The National Hurricane Center reported Wednesday that Potential Tropical Cyclone Two had winds of 40 miles per hour west-southwest of Curacao. The system was moving west at 21 miles per hour.
Tropical storm warnings were in effect for countries including Curacao, Aruba and the coastlines of both Colombia and Venezuela. As the storm moves to the west, it could increase in strength and become the first named hurricane in the Atlantic this year.
If it becomes a named storm, it will be named Bonnie.
HURRICANE SEASON 2022
Two other potential systems are also being tracked, with one in the northern Gulf of Mexico having a 40 percent chance of development over the next two days and expected to impact Texas.
An area in the central Atlantic Ocean has a 30 percent chance of development over the next five days as it moves to the west-northwest. It is not expected at this time to impact South Florida, but many questions remain this far out.

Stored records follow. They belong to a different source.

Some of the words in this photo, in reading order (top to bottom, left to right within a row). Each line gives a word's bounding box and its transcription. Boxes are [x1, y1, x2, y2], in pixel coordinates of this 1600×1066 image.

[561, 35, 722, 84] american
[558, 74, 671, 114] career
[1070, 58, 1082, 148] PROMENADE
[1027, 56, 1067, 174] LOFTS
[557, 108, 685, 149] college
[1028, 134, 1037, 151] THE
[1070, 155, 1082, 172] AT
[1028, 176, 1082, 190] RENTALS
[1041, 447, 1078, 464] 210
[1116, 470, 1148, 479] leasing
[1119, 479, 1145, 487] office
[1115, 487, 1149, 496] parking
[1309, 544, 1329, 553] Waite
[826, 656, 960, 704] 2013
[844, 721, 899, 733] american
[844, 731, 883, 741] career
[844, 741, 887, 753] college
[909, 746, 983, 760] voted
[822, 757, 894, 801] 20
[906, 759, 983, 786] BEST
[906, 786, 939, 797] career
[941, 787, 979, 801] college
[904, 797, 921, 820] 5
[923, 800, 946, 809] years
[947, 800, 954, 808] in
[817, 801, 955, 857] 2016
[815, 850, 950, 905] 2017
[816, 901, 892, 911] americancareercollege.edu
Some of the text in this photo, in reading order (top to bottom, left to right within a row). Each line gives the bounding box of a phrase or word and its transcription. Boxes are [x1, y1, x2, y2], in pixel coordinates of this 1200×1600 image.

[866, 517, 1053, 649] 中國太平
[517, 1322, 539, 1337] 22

One thing that seems to be likely is the moisture from this wave not reaching South Florida until at least Tuesday or Wednesday, after the 4th of July. Computer models show this tropical wave could spread rain across the area, but it's early and the NBC 6 First Alert Weather team will continue to watch.
The 2022 Atlantic Hurricane Season officially began June 1 with researchers predicting an "above-normal" year.
The first named system occurred in early June, when Tropical Storm Alex formed off Florida's east coast after moving across the state, dropping massive rainfall and causing flooding in South Florida as Potential Tropical Cyclone One.
The National Oceanic and Atmospheric Administration's averages for the Atlantic hurricane season is 14 named storms and seven hurricanes. The average for major hurricanes is three.
Last month, NOAA released their predictions for this year, calling for an "above-normal" 2022 with 14-21 named storms expected.